En l’absence de contrat écrit, il est d’usage qu’un préavis soit respecté en cas de rupture. Seule une faute grave du médecin pourrait justifier une rupture sans préavis.

 

L’article L.4113-9 du Code de la santé publique impose de communiquer à son Conseil départemental de l’Ordre le contrat et ses avenants, sous menace de sanctions disciplinaires frappant le médecin(1). Et l’article L.4163-10 précise que “le refus d’un contractant non praticien de rédiger par écrit un des contrats ou avenants prévus à l’article L.4113-9 est puni de 6 000 euros d’amende”. Ces sanctions sont rarement appliquées, alors qu’une absence de contrat écrit place un médecin dans une situation précaire même s’il dispose de certains droits en cas de rupture.

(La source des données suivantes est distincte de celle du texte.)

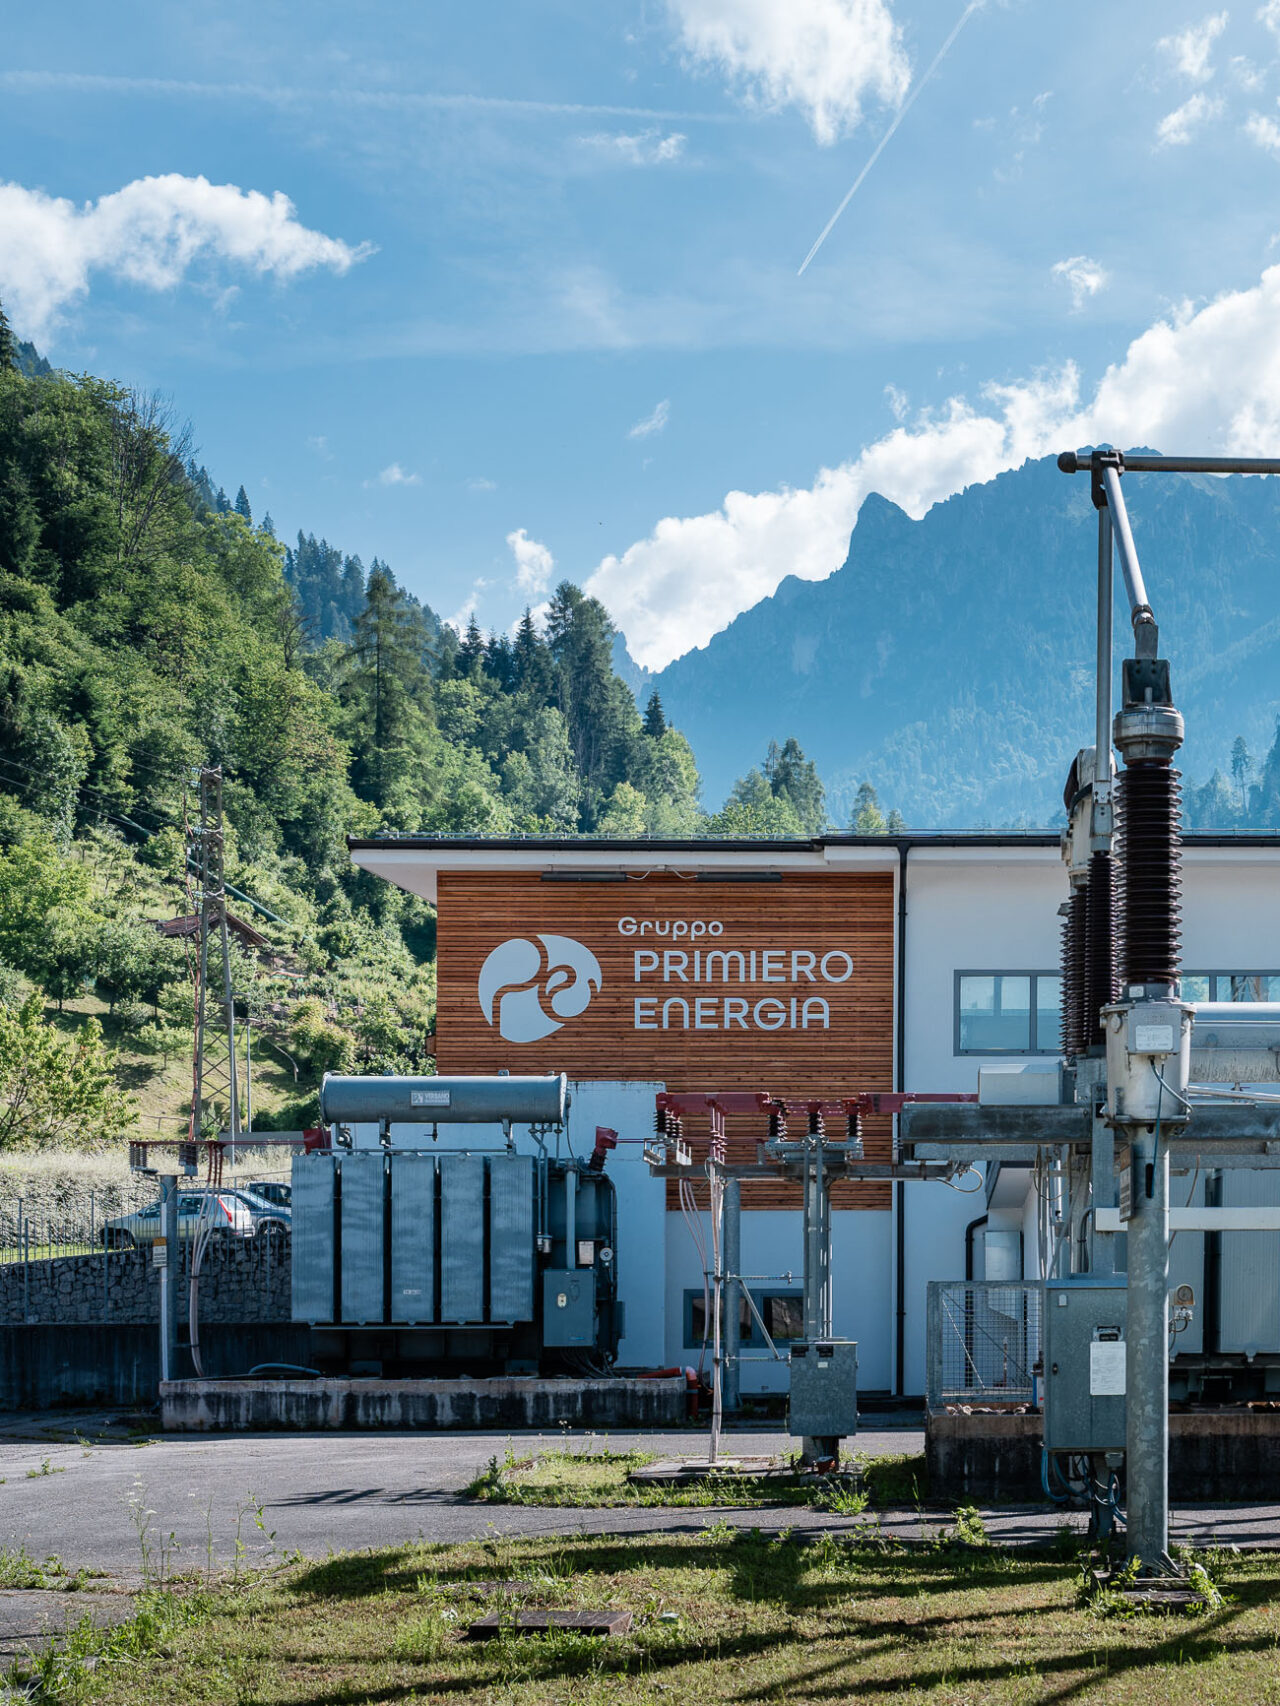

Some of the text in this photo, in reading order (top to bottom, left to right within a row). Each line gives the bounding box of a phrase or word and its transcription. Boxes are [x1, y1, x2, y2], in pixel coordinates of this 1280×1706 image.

[617, 916, 724, 941] Gruppo
[634, 950, 854, 983] PRIMIERO
[634, 997, 830, 1031] ENERGIA
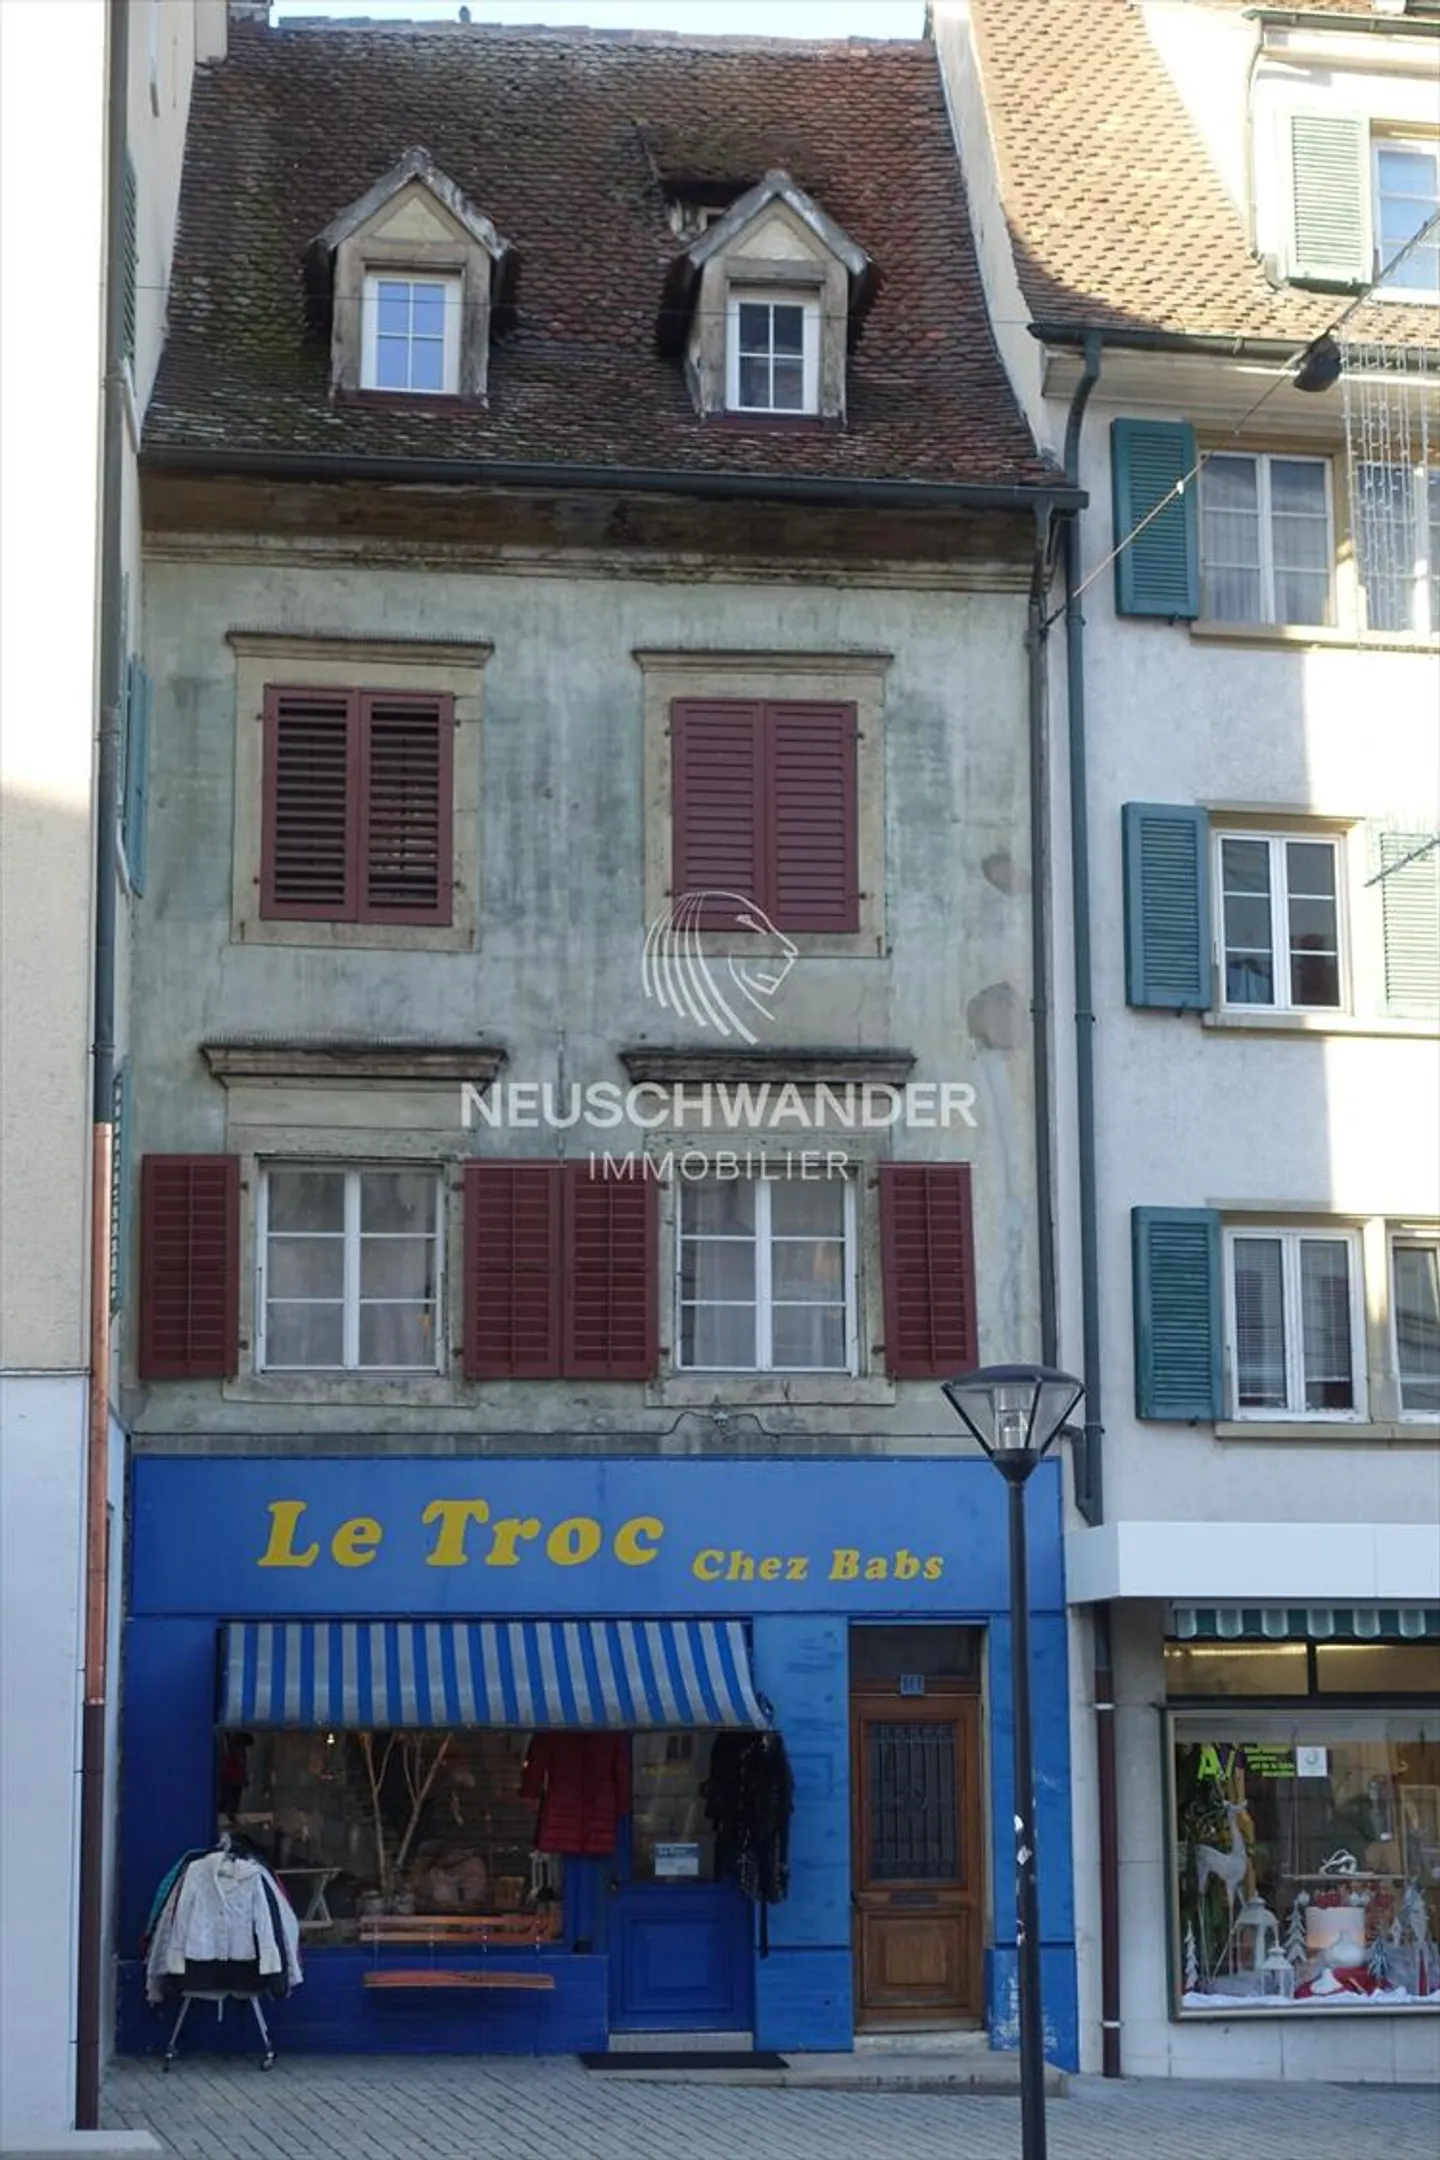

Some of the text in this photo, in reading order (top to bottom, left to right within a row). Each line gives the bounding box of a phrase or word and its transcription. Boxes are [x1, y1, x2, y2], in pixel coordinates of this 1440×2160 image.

En effet, la jurisprudence considère qu’un contrat d’exercice est valide même s’il est verbal. Il s’agit d’un contrat à durée indéterminée qui ne pourra inclure, faute de l’avoir précisé par écrit, des clauses d’exclusivité, de cessibilité, de non-réinstallation… Seuls, les usages professionnels et la jurisprudence aujourd’hui dominante, rappellent qu’une convention verbale ne peut être dénoncée par l’établissement ou par un praticien, à tout moment, qu’à la condition de respecter un préavis dont la durée sera plus ou moins longue selon l’ancienneté. Cette durée peut être comprise entre 2 et 24 mois. Le non-respect d’un préavis constitue une faute dans la résiliation pouvant donner lieu à indemnisation.

 

Une faute grave

Seule une faute grave du praticien peut justifier une rupture sans préavis. Comme le rappelle un auteur(2), “la jurisprudence définit la faute grave comme la faute qui, par son importance, rend impossible le maintien d’un contrat d’exercice conclu entre un professionnel de santé et un établissement de santé pendant la durée, même limitée, du préavis”. Une interdiction d’exercice définitive pourrait constituer une faute grave. Des manquements ponctuels ou répétés pouvant porter atteinte à l’organisation de l’établissement ou au respect des droits des patients ne sont pas toujours synonymes de fautes graves pouvant justifier une rupture sans préavis, comme l’a récemment rappelé une décision du tribunal judiciaire de Paris du 23 janvier 2024.

Un autre arrêt, de la cour d’appel de Lyon, du 16 novembre 2023, rappelle aussi qu’un médecin ne peut rompre le contrat d’exercice verbal qui le lie à un établissement, sans respecter le préavis d’usage, notamment celui consacré par le contrat-type proposé par l’Ordre national des médecins.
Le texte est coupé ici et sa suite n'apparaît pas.